▸ WHAT THE EXERCISE ASKS: Please repeat the entries exactly as they appear and omit any images.

▸ DATA TO EXAMINE:
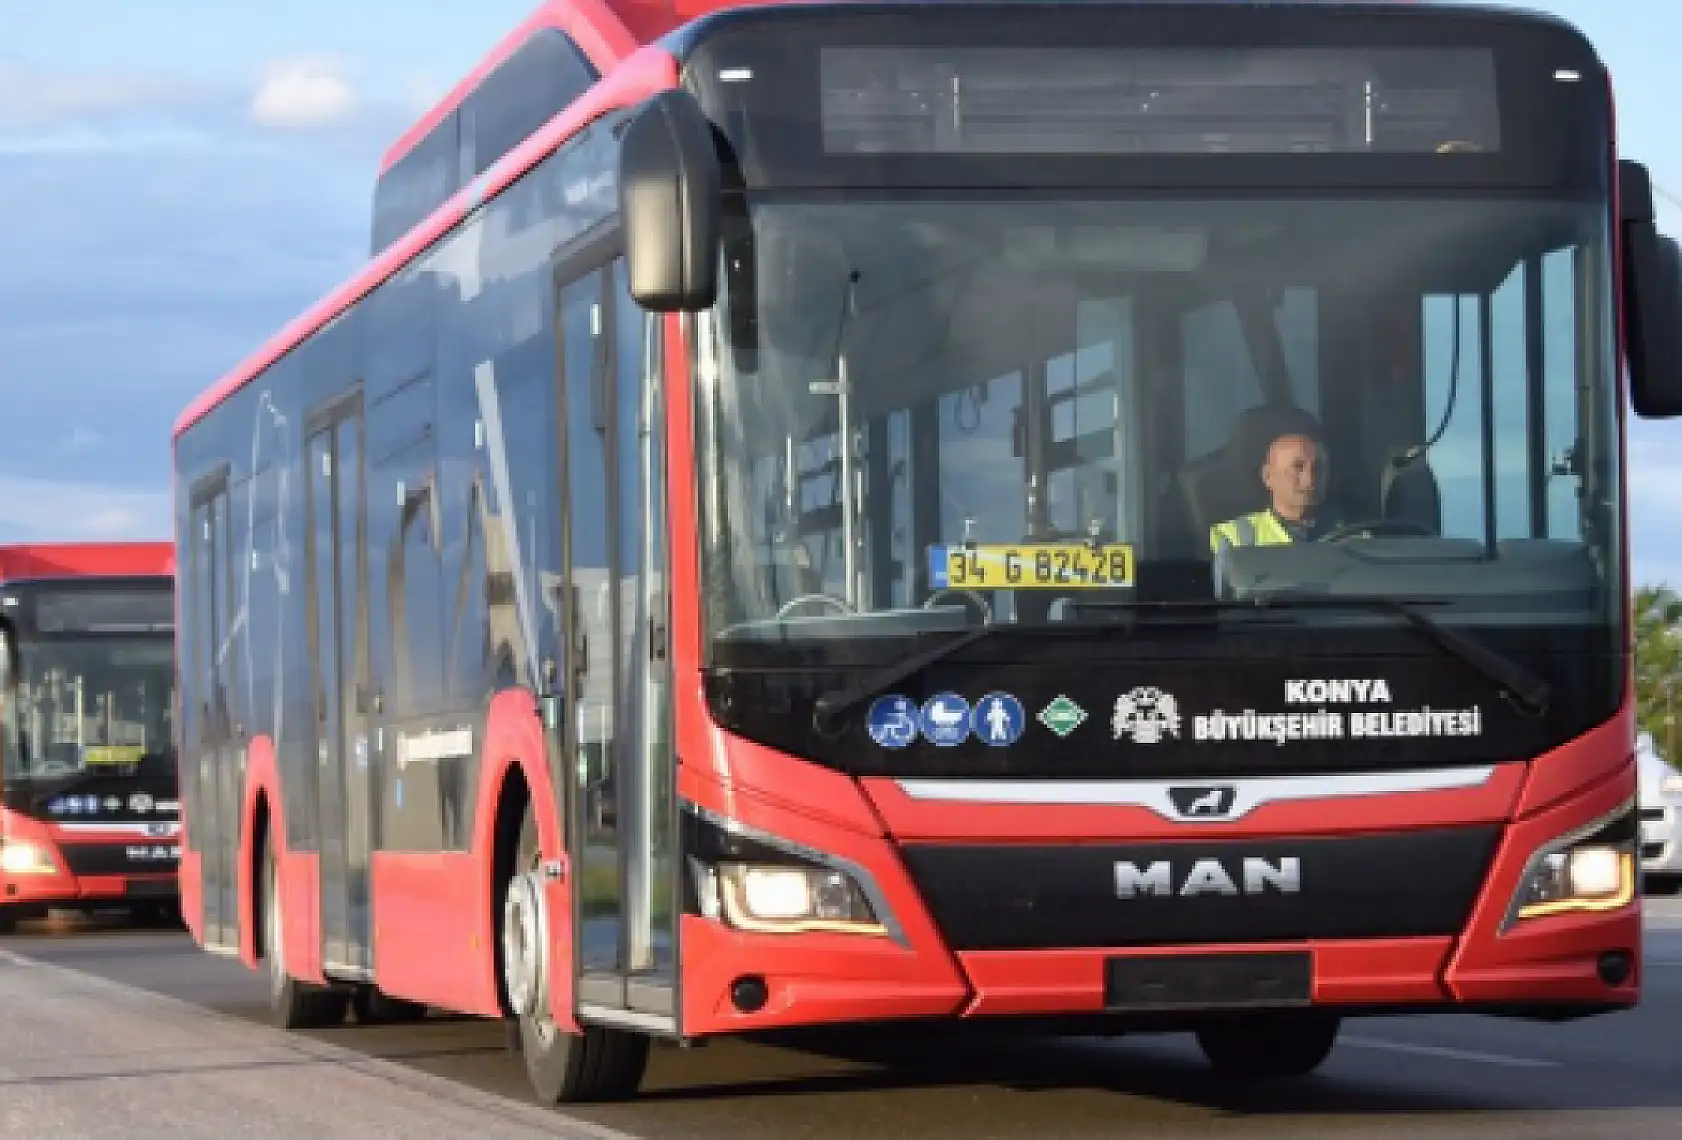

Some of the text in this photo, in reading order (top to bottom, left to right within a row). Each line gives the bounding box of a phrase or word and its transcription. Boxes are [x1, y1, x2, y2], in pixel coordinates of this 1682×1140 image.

[950, 549, 1127, 584] 34 G 82428
[1285, 679, 1392, 703] KONYA
[1193, 706, 1482, 746] BÜYÜKŞEHİR BELEDİYESİ
[1113, 856, 1301, 899] MAN

▸ EXERCISE SOLUTION:
Some of the text in this photo, in reading order (top to bottom, left to right within a row). Each line gives the bounding box of a phrase or word and its transcription. Boxes are [x1, y1, x2, y2], in pixel coordinates of this 1682×1140 image.

[950, 549, 1127, 584] 34 G 82428
[1285, 679, 1392, 703] KONYA
[1193, 706, 1482, 746] BÜYÜKŞEHİR BELEDİYESİ
[1113, 856, 1301, 899] MAN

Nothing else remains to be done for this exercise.